CONGRATULATIONS TO THE WINNER OF THE 2019 MARY CATHERINE BUSWELL AWARD
Dr. Erin McHenry-Sorber
The award, which recognizes recipients for excellence in their field as it relates to the advancement of WVU women, community and civic activities that serve and advance women, and significant pioneering activities that improve the status of women, is sponsored by the WVU Council for Women’s Concerns and the Division of Diversity, Equity and Inclusion.
An assistant professor in WVU’s College of Education and Human Services, McHenry-Sorber holds a Bachelor of Science in education from Bucknell University, a Master of Education from Harvard University, and a Doctor of Philosophy from the Pennsylvania State University.
In 2016, McHenry-Sorber launched an innovative special topics course on Women and Gender Issues in Higher Education. The course utilized feminist and gender theories to explore historical and contemporary women’s and gendered issues in higher education, considering experiences from students, faculty and leaders alike —sexual assault, discrimination, leadership challenges, among others—through a lens of intersectionality encompassing gender, sexuality and race. This course has inspired students to choose research and dissertation topics focused on gender inequality, volunteer with units such as the WV National Center for Excellence in Women’s Health, and serve on the WVU Council for Women’s Concerns.
It was this course that inspired McHenry-Sorber’s ongoing research on West Virginia women’s first-year experiences in higher education as they transition from rural communities to a university. In collaboration with a doctoral student, McHenry-Sorber has an article under review by the journal Review of Higher Education, which interrogates the ways in which West Virginia women understand and construct place and gender across their home communities and the university.
Beyond a classroom emphasis on diversity and gender equity, McHenry-Sorber works on WVU’s ADVANCE team to increase diversity across campus. Partnering with a student mentee, she developed an implicit bias course for faculty and administrators. She then adapted and facilitated this course for four institutions, including WVU, and it is now offered at several universities across the country.
“Beyond teaching, Dr. McHenry-Sorber is widely regarded as a national leader in the field of education – especially rural education which is so vitally important to Appalachia,” said Chad Proudfoot, 4-H Organizational Specialist, Virginia Cooperative Extension, Virginia Tech, and doctoral candidate in higher education administration. “She has served in countless roles as an author, lecturer, editor and researcher in this area. In addition, even as a graduate student she was seen as an expert in this field, as is evidenced by her impressive scholarships, fellowships, and awards.”

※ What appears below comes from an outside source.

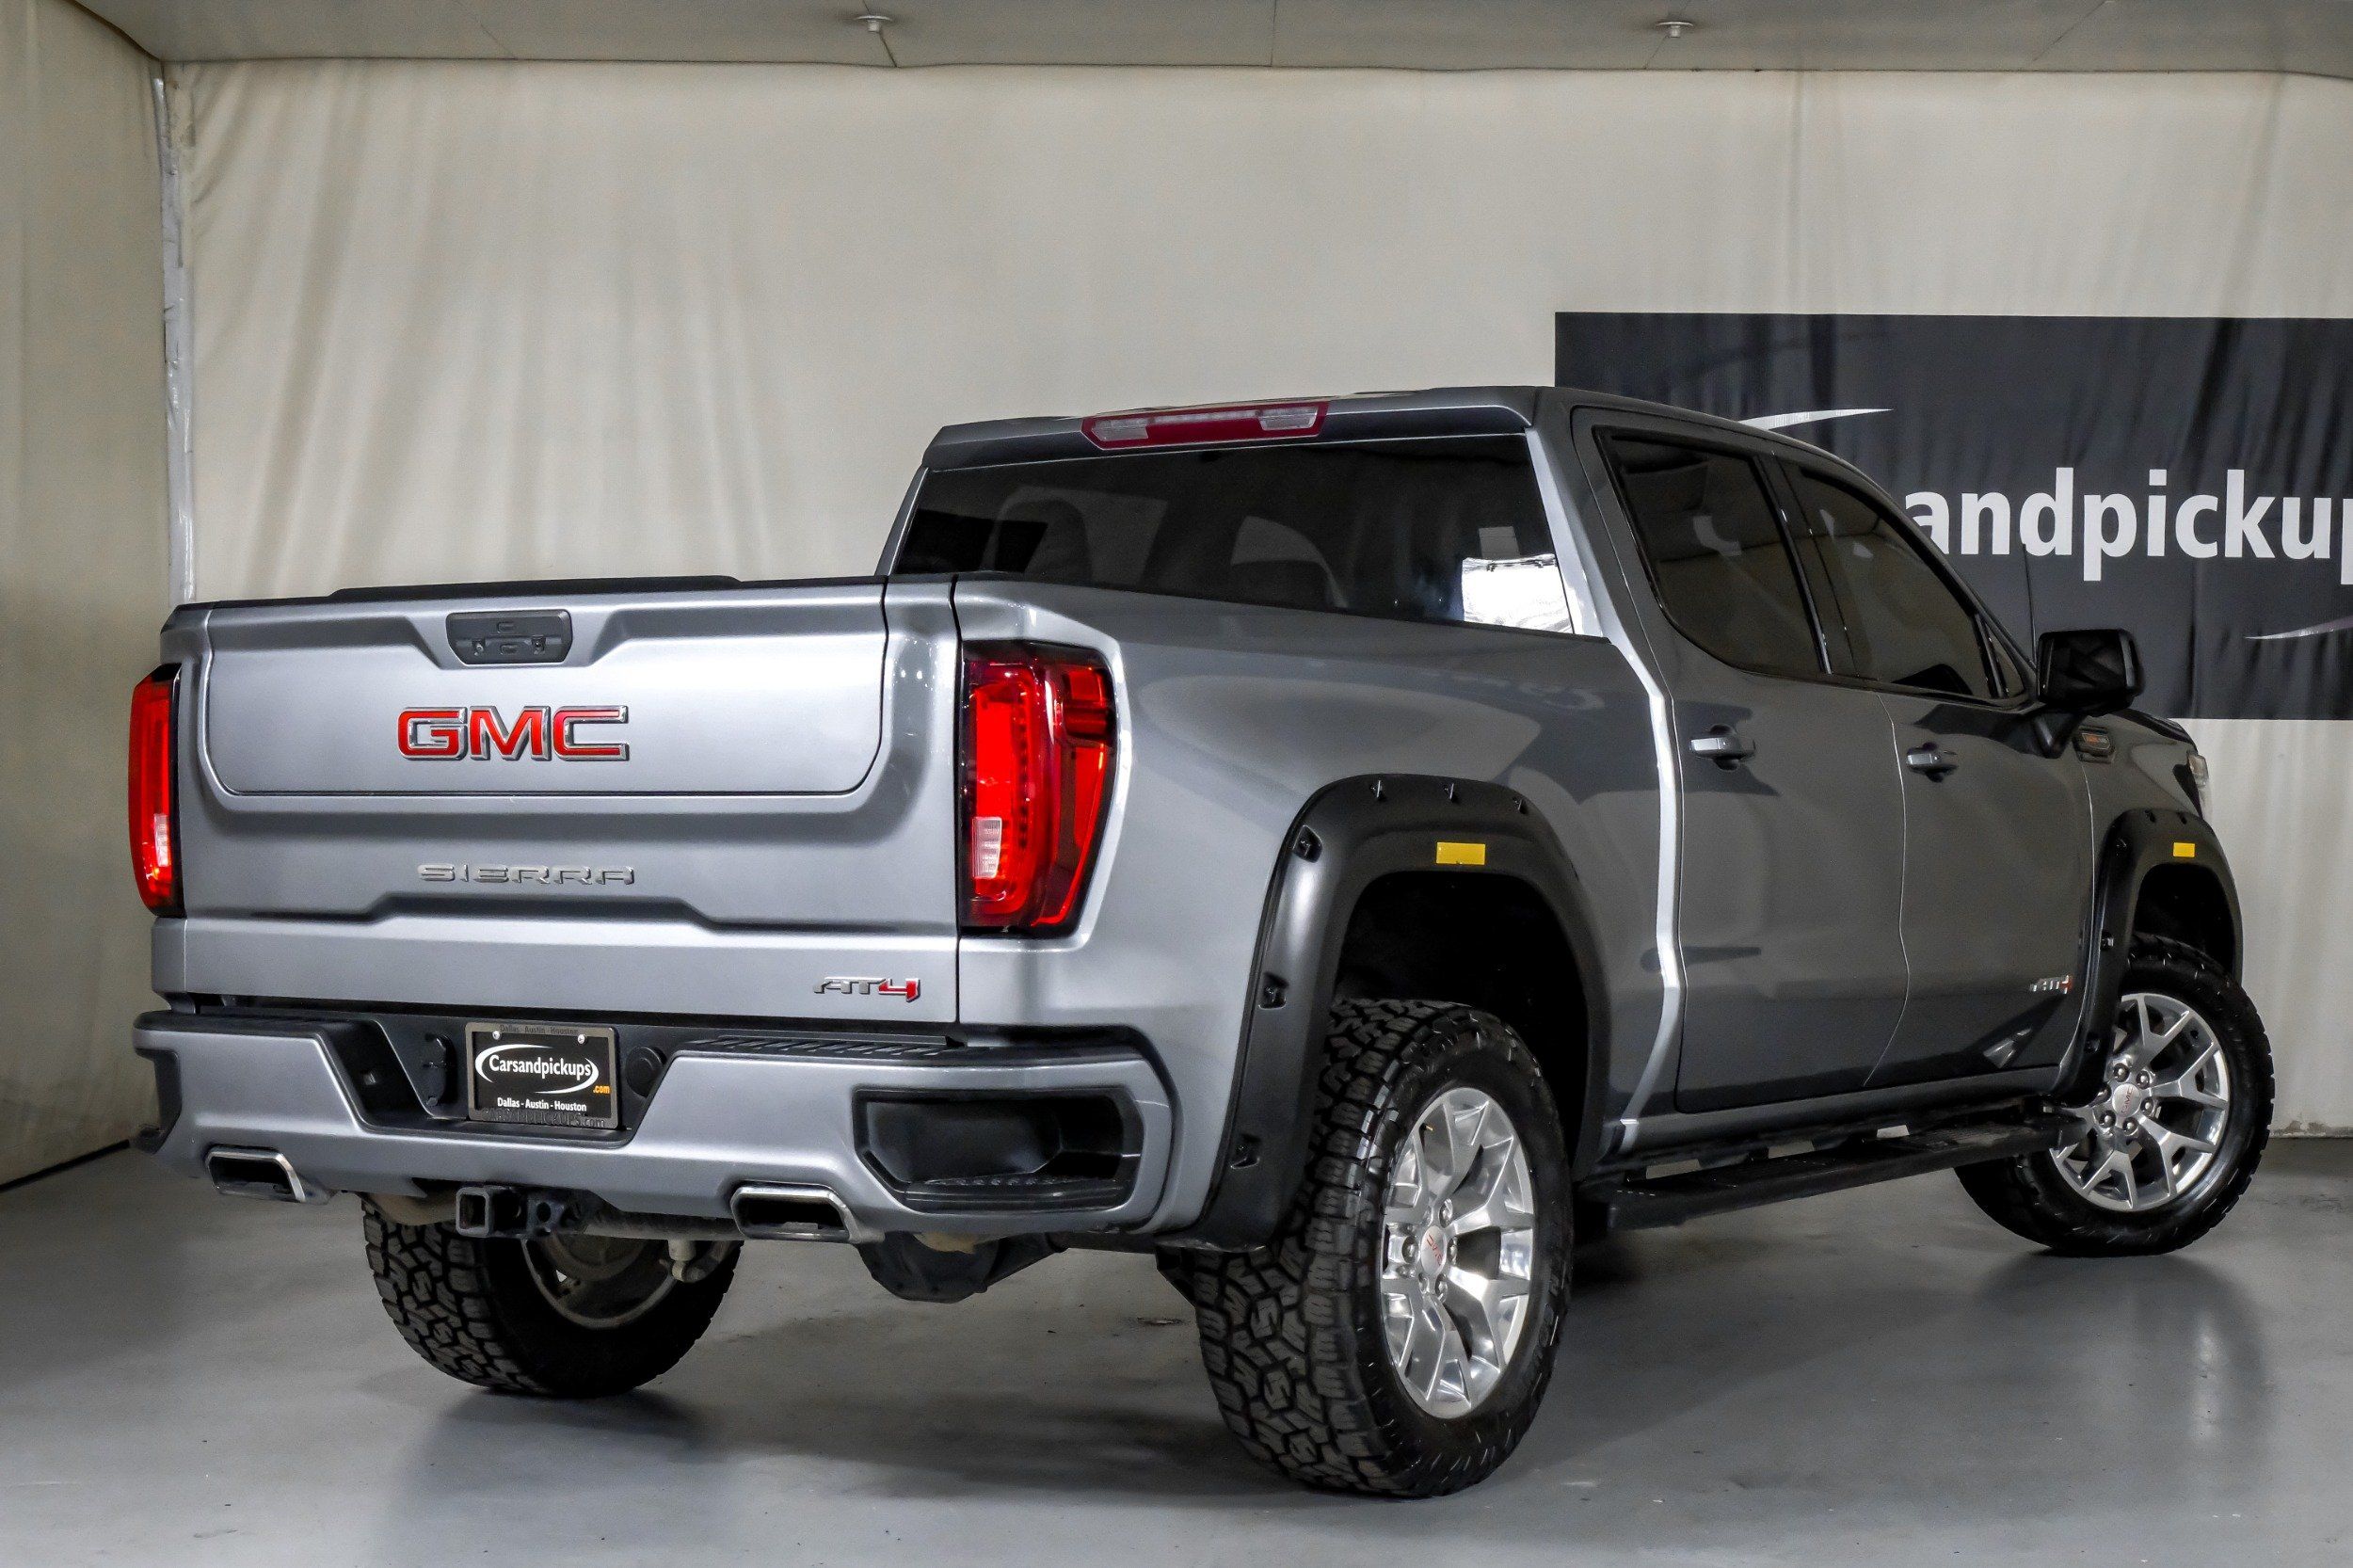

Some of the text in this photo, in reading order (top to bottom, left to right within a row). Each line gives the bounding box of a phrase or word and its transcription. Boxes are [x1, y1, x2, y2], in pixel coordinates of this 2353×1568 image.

McHenry-Sorber’s research centers on the internal and external structures and contexts that influence rural schools, the communities in which they are situated, and the relationships that develop as a result. She has authored papers in the Peabody Journal of Education, the International Journal of Inclusive Education, the Journal of Rural Social Sciences and Leadership and Policy in Schools. Her recent publications investigate the gendered risks and opportunities in Marcellus Shale gas boomtowns and the experiences of rural school leaders in a Marcellus Shale community, a timely issue continuing to impact women in Appalachia.
“Dr. McHenry-Sorber’s example through the mentored research experience has inspired me to refine my own epistemology to encompass feminist perspectives and identify new ways to advocate for women in my own professional and academic work,” said Katlin Swisher, interim director of marketing and communications, WVU Eberly College of Arts and Sciences, and doctoral candidate in higher education administration.
As the recipient of the Mary Catherine Buswell Award, McHenry-Sorber will receive a $1,000 award to be used for travel, supplies, salary supplement or any other use commensurate with WVU policies, and she will be formally recognized during the WVU Weekend of Honors.